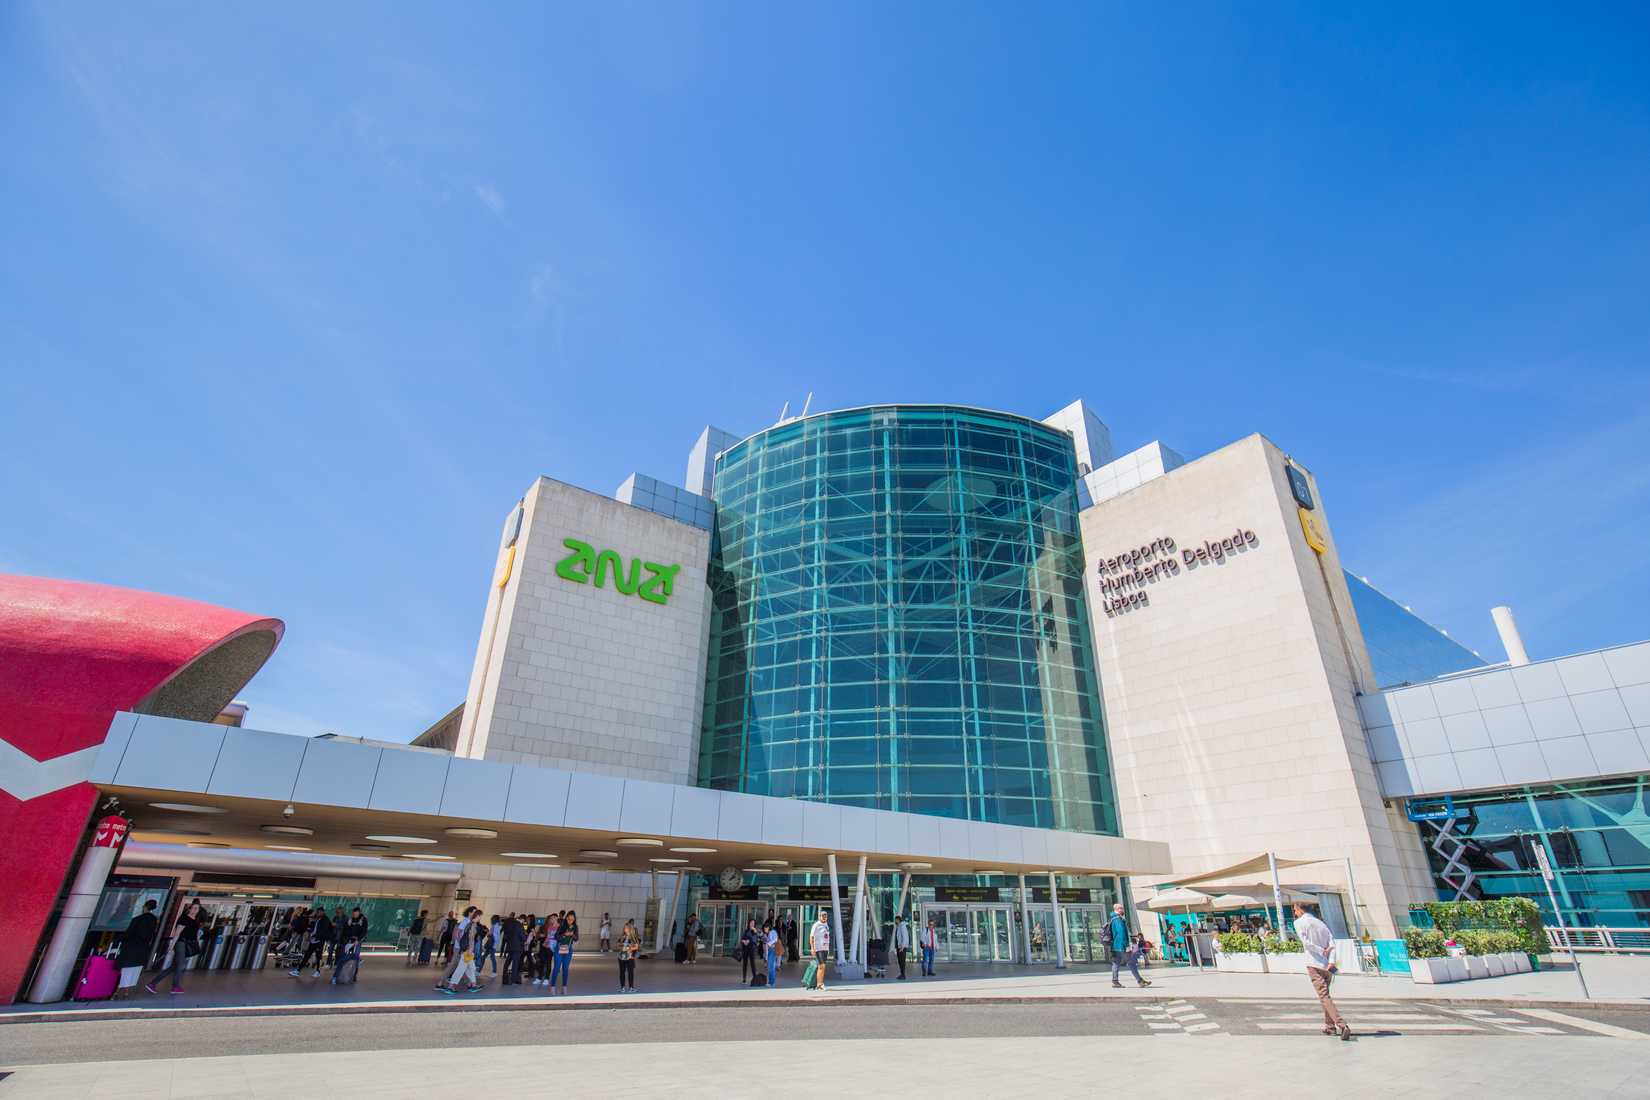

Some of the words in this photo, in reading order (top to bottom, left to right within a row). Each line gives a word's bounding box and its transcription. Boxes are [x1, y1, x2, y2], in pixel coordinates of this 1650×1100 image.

[1098, 536, 1175, 574] Aeroporto
[1099, 557, 1178, 595] Humberto
[1182, 528, 1257, 566] Delgado
[1102, 590, 1148, 614] Lisboa
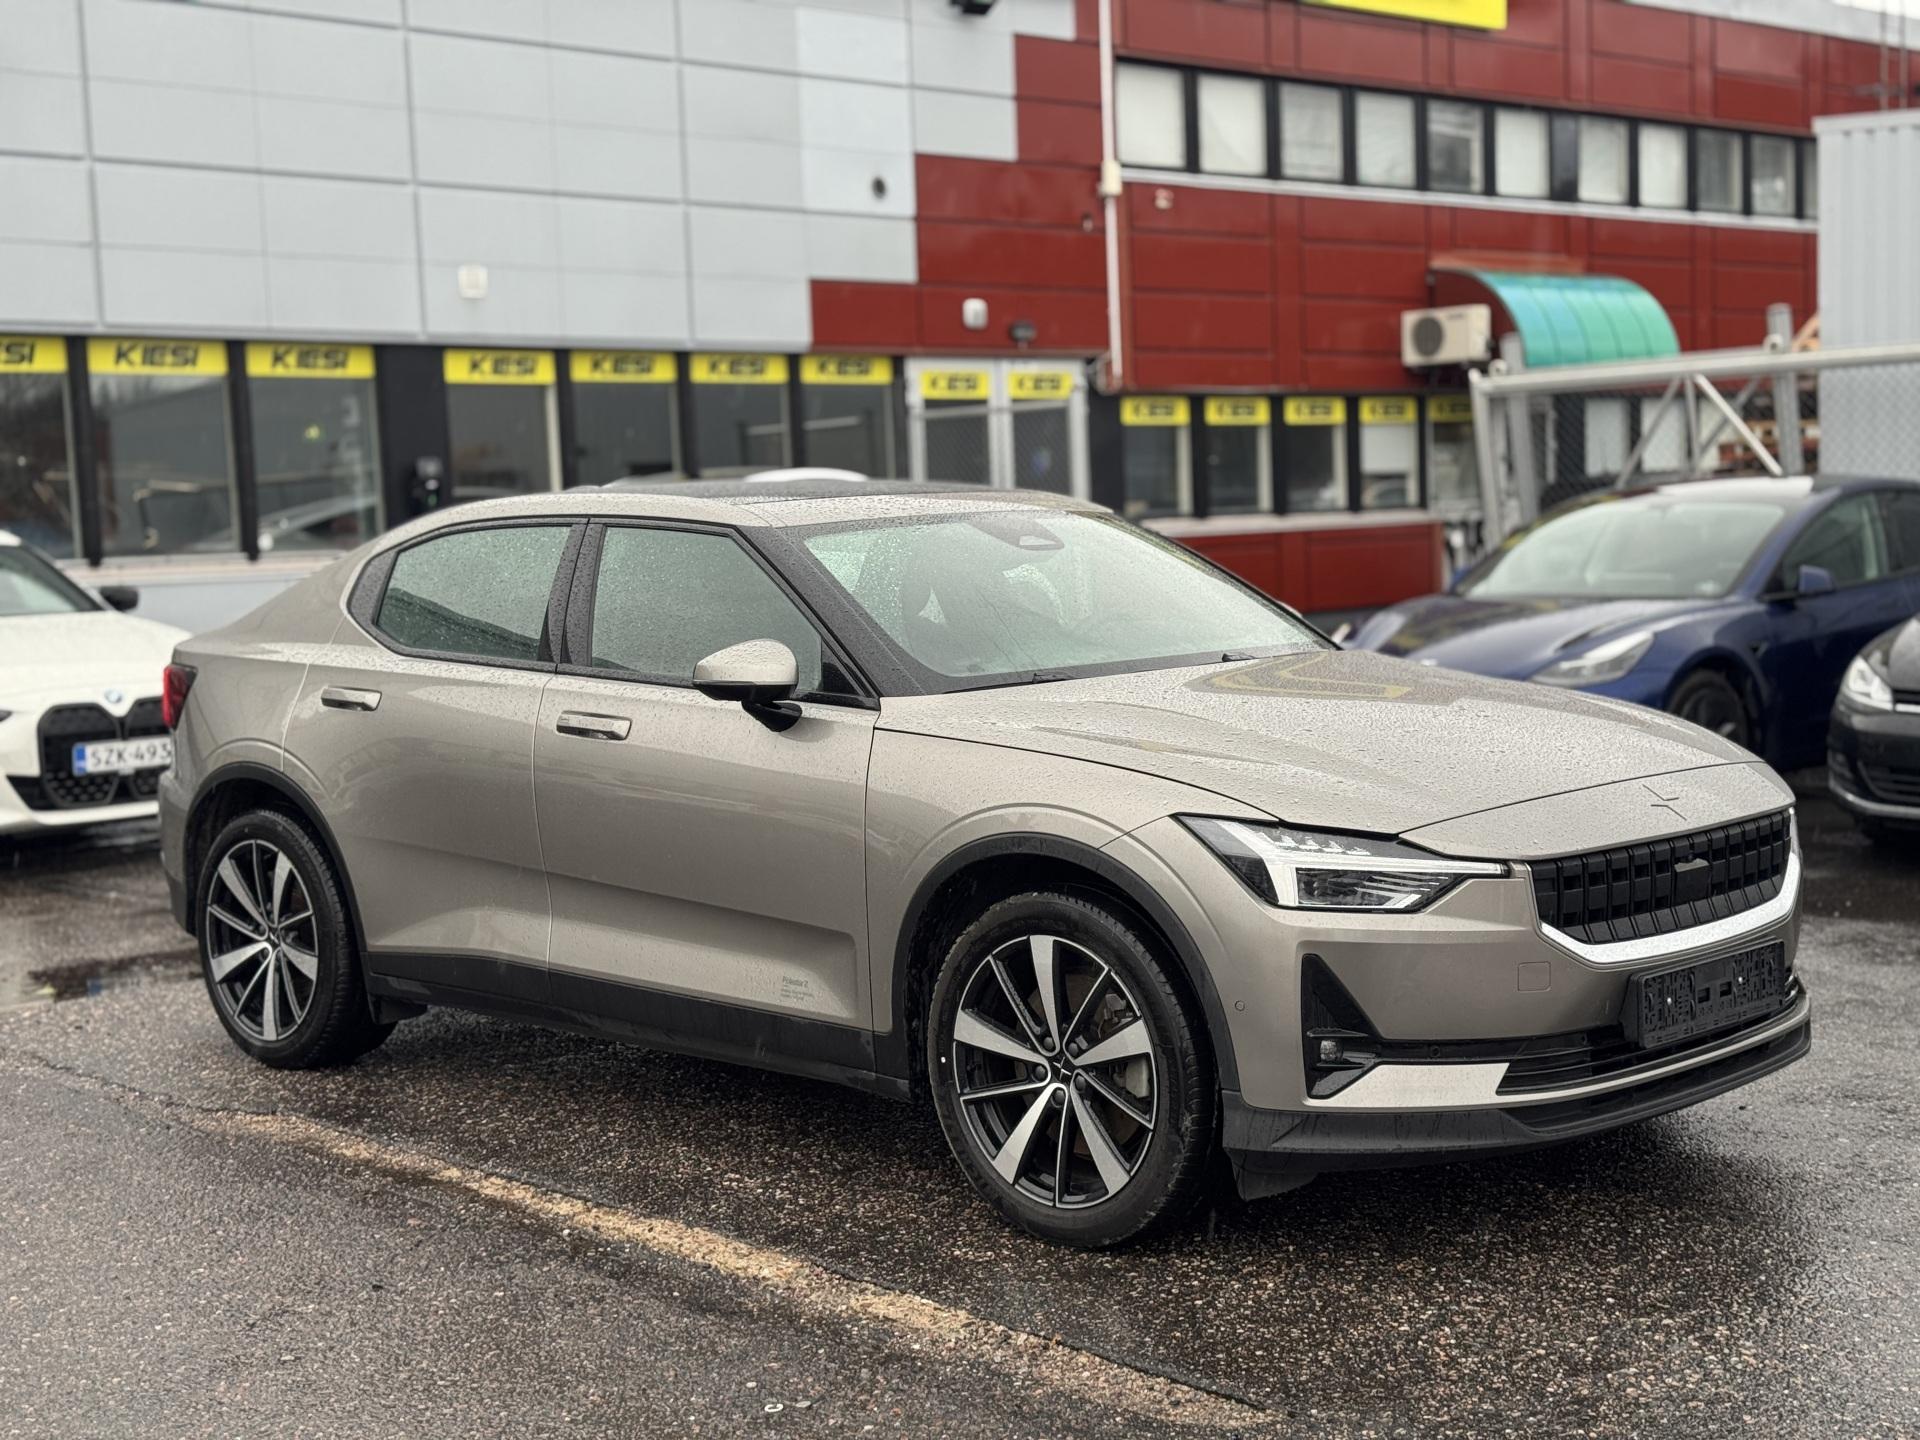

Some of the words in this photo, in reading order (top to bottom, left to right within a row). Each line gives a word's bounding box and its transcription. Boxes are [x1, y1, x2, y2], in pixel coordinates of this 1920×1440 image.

[114, 342, 199, 367] KIESI
[270, 346, 349, 369] KIESI
[468, 355, 540, 376] KIESI

# # # # # # #

» **Task objective**
Begin with the line that contains "this 1920×1440 image." and end with the last line of the records; set down every line in that span exactly, and nothing else.

» **Task answer**
Some of the words in this photo, in reading order (top to bottom, left to right within a row). Each line gives a word's bounding box and its transcription. Boxes are [x1, y1, x2, y2], in pixel coordinates of this 1920×1440 image.

[114, 342, 199, 367] KIESI
[270, 346, 349, 369] KIESI
[468, 355, 540, 376] KIESI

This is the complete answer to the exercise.